*** Opening of Source material ***

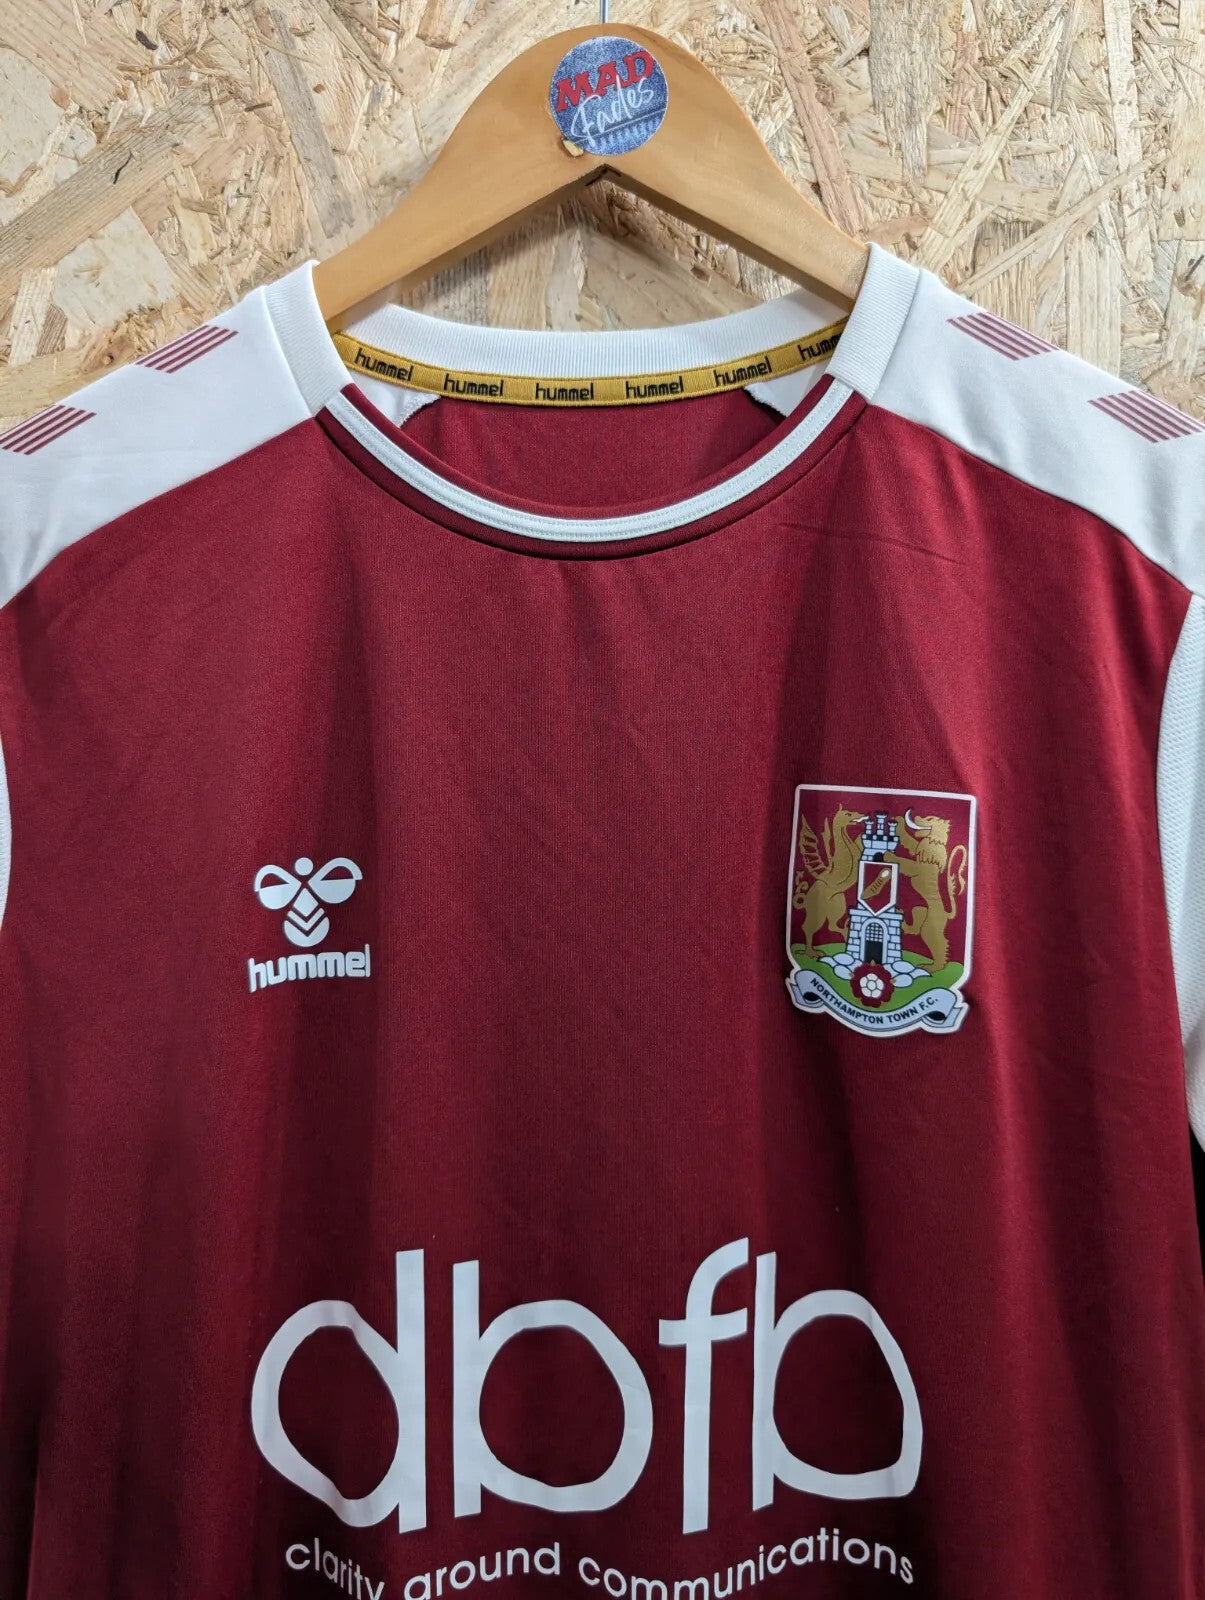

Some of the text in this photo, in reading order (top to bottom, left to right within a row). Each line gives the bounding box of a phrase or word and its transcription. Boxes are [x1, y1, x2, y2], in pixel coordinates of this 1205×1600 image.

[556, 50, 655, 113] MAD
[354, 348, 413, 382] hummel
[443, 373, 504, 397] hummel
[535, 382, 594, 401] hummel
[625, 376, 684, 399] hummel
[713, 356, 772, 387] hummel
[247, 943, 371, 993] hummel
[810, 977, 938, 1024] NORTHAMPTON TOWN F.C.
[251, 1237, 923, 1534] dbfb
[285, 1527, 914, 1600] clarity around communications
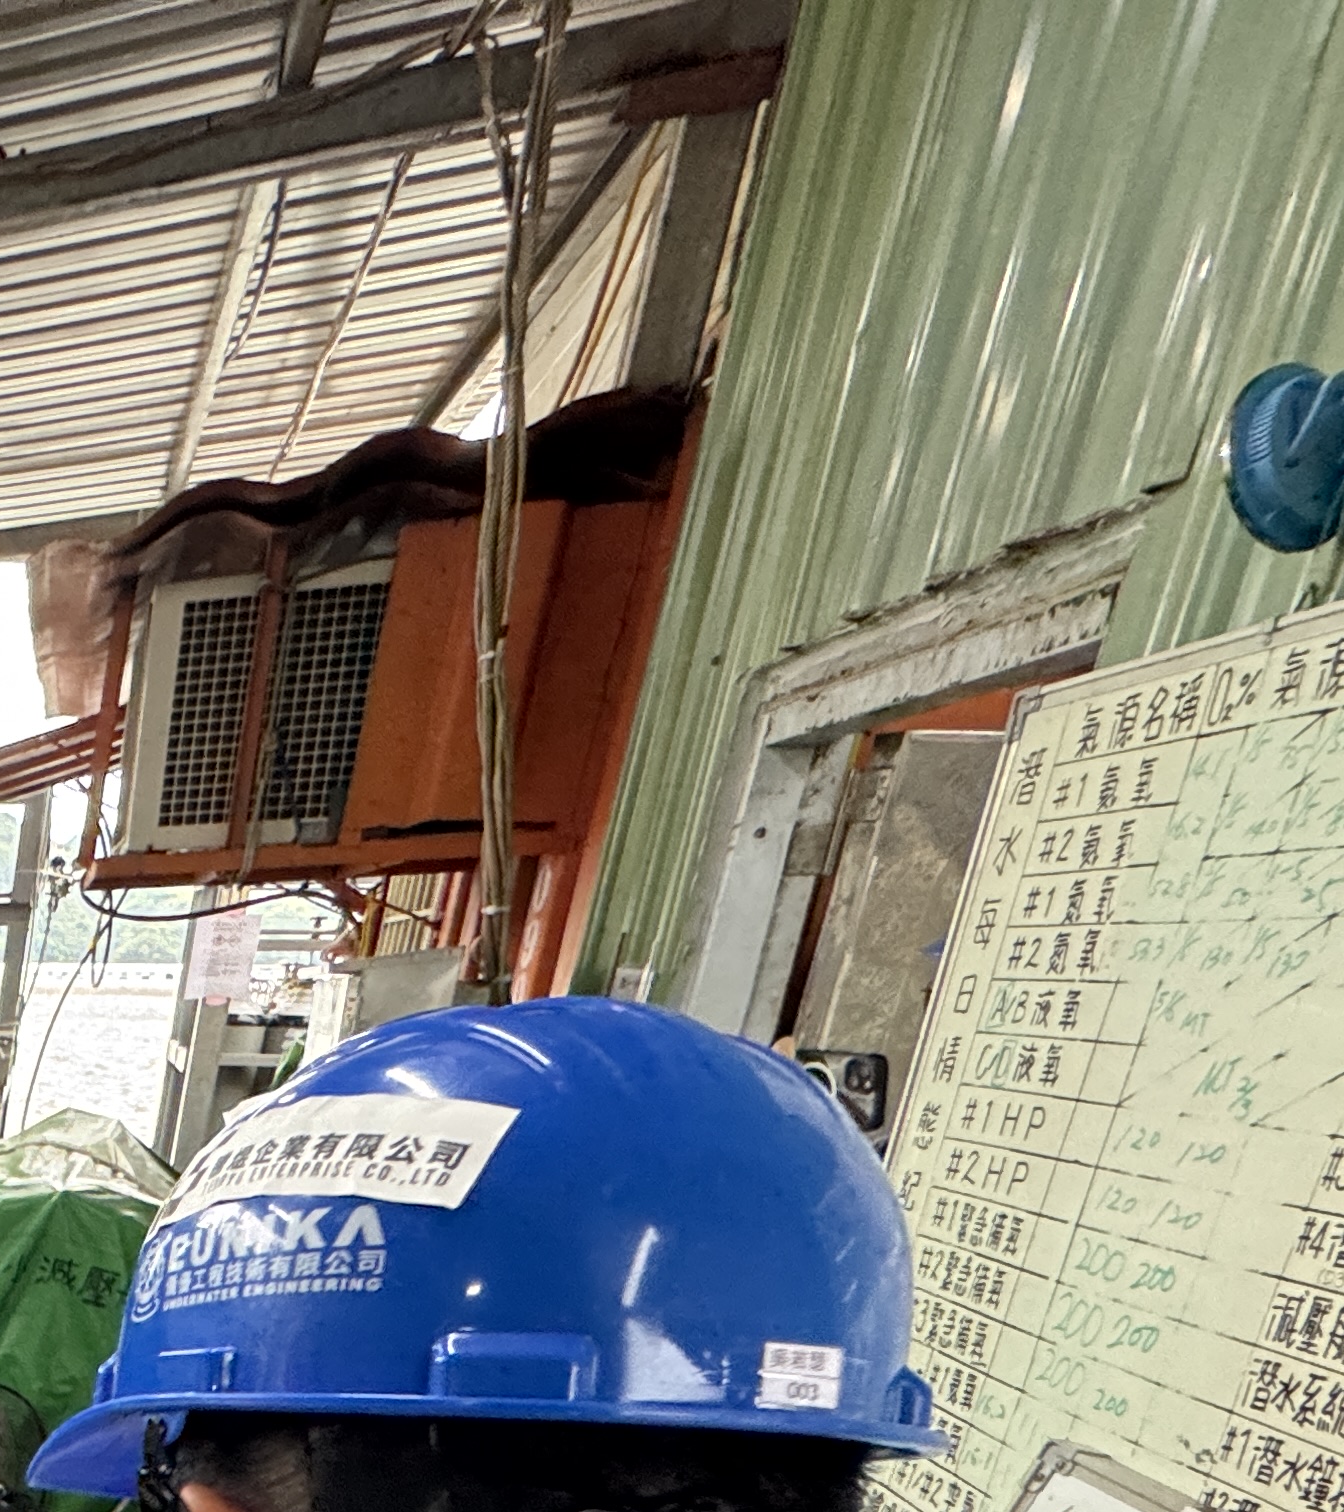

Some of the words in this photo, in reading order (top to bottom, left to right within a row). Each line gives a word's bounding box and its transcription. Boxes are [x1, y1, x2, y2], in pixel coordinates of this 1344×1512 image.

[1075, 1237, 1126, 1282] 200
[1052, 1292, 1104, 1348] 200
[1035, 1348, 1086, 1397] 200
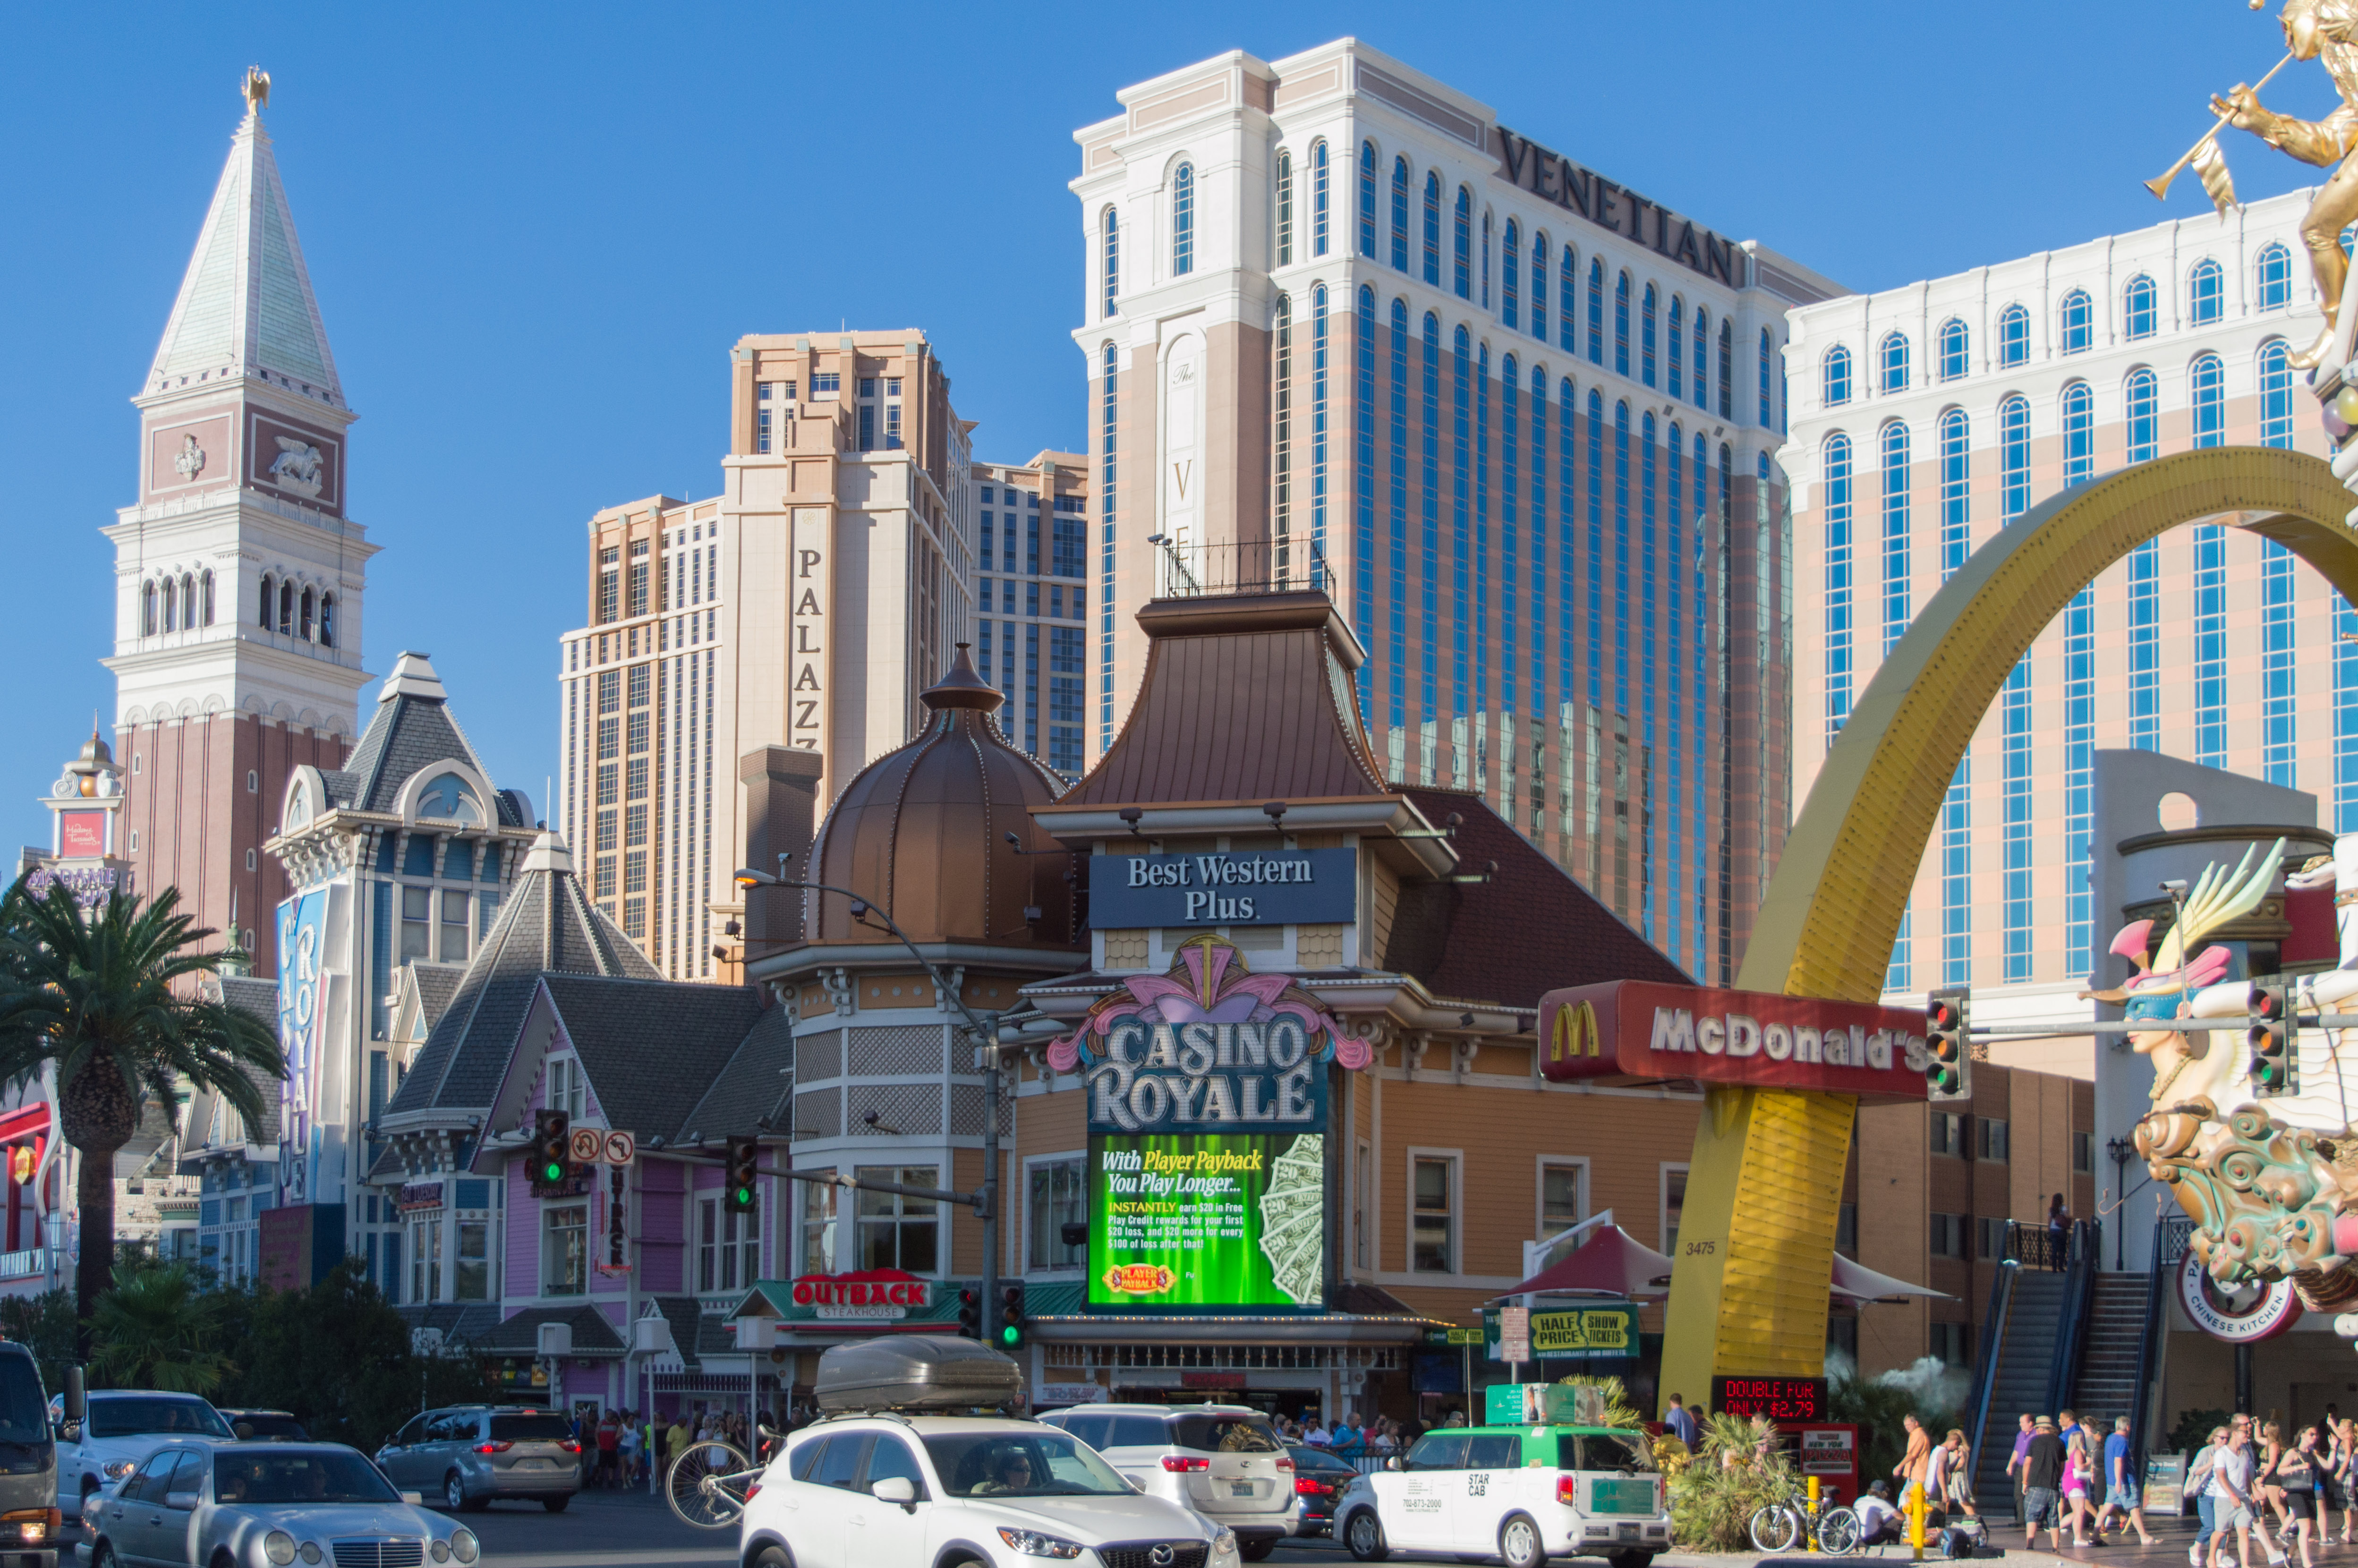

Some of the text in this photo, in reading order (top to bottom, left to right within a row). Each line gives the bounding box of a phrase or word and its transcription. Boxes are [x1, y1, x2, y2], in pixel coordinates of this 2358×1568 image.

[1498, 126, 1735, 286] VENETIAN
[1173, 363, 1194, 384] The
[793, 550, 823, 801] PALAZ
[66, 824, 93, 833] Madame
[27, 867, 116, 888] MADAME
[1127, 854, 1312, 886] Best Western
[1107, 1017, 1306, 1076] CASINO
[1650, 1006, 1929, 1073] McDonald's
[1088, 1056, 1315, 1130] ROYALE
[1102, 1149, 1263, 1175] With Player Payback
[1108, 1172, 1241, 1197] You Play Longer...
[1109, 1202, 1176, 1212] INSTANTLY
[1199, 1202, 1213, 1213] $20
[1215, 1203, 1223, 1212] in
[1226, 1203, 1243, 1212] Free
[1108, 1215, 1243, 1227] Play Credit rewards for your first
[1108, 1227, 1123, 1236] $20
[1125, 1227, 1145, 1237] loss,
[1147, 1227, 1162, 1236] and
[1165, 1227, 1179, 1236] $20
[1206, 1227, 1218, 1236] for
[1220, 1229, 1243, 1238] every
[1108, 1239, 1204, 1249] $100 of loss after that!
[1686, 1241, 1715, 1255] 3475
[1121, 1269, 1157, 1278] PLAYER
[1122, 1279, 1157, 1288] PAYBACK
[793, 1282, 924, 1305] OUTBACK
[824, 1307, 897, 1317] STEAKHOUSE
[2191, 1295, 2283, 1332] CHINESE KITCHEN
[1541, 1316, 1575, 1330] HALF
[1588, 1315, 1618, 1329] SHOW
[1540, 1329, 1621, 1345] PRICE TICKETS
[1727, 1381, 1814, 1398] DOUBLE FOR
[1727, 1400, 1814, 1417] ONLY $2.79
[1805, 1449, 1850, 1462] PIZZA
[1468, 1474, 1490, 1484] STAR
[1468, 1485, 1486, 1496] CAB
[1403, 1499, 1442, 1508] 702-873-2000

*** Close of Source material ***

> _Work request_: Repeat each entry exactly as it appears; skip any picture.

> _Answer for the task_:
Some of the text in this photo, in reading order (top to bottom, left to right within a row). Each line gives the bounding box of a phrase or word and its transcription. Boxes are [x1, y1, x2, y2], in pixel coordinates of this 1205×1600 image.

[556, 50, 655, 113] MAD
[354, 348, 413, 382] hummel
[443, 373, 504, 397] hummel
[535, 382, 594, 401] hummel
[625, 376, 684, 399] hummel
[713, 356, 772, 387] hummel
[247, 943, 371, 993] hummel
[810, 977, 938, 1024] NORTHAMPTON TOWN F.C.
[251, 1237, 923, 1534] dbfb
[285, 1527, 914, 1600] clarity around communications

Some of the words in this photo, in reading order (top to bottom, left to right within a row). Each line gives a word's bounding box and its transcription. Boxes are [x1, y1, x2, y2], in pixel coordinates of this 1344×1512 image.

[1075, 1237, 1126, 1282] 200
[1052, 1292, 1104, 1348] 200
[1035, 1348, 1086, 1397] 200

Some of the text in this photo, in reading order (top to bottom, left to right within a row). Each line gives the bounding box of a phrase or word and its transcription. Boxes are [x1, y1, x2, y2], in pixel coordinates of this 2358×1568 image.

[1498, 126, 1735, 286] VENETIAN
[1173, 363, 1194, 384] The
[793, 550, 823, 801] PALAZ
[66, 824, 93, 833] Madame
[27, 867, 116, 888] MADAME
[1127, 854, 1312, 886] Best Western
[1107, 1017, 1306, 1076] CASINO
[1650, 1006, 1929, 1073] McDonald's
[1088, 1056, 1315, 1130] ROYALE
[1102, 1149, 1263, 1175] With Player Payback
[1108, 1172, 1241, 1197] You Play Longer...
[1109, 1202, 1176, 1212] INSTANTLY
[1199, 1202, 1213, 1213] $20
[1215, 1203, 1223, 1212] in
[1226, 1203, 1243, 1212] Free
[1108, 1215, 1243, 1227] Play Credit rewards for your first
[1108, 1227, 1123, 1236] $20
[1125, 1227, 1145, 1237] loss,
[1147, 1227, 1162, 1236] and
[1165, 1227, 1179, 1236] $20
[1206, 1227, 1218, 1236] for
[1220, 1229, 1243, 1238] every
[1108, 1239, 1204, 1249] $100 of loss after that!
[1686, 1241, 1715, 1255] 3475
[1121, 1269, 1157, 1278] PLAYER
[1122, 1279, 1157, 1288] PAYBACK
[793, 1282, 924, 1305] OUTBACK
[824, 1307, 897, 1317] STEAKHOUSE
[2191, 1295, 2283, 1332] CHINESE KITCHEN
[1541, 1316, 1575, 1330] HALF
[1588, 1315, 1618, 1329] SHOW
[1540, 1329, 1621, 1345] PRICE TICKETS
[1727, 1381, 1814, 1398] DOUBLE FOR
[1727, 1400, 1814, 1417] ONLY $2.79
[1805, 1449, 1850, 1462] PIZZA
[1468, 1474, 1490, 1484] STAR
[1468, 1485, 1486, 1496] CAB
[1403, 1499, 1442, 1508] 702-873-2000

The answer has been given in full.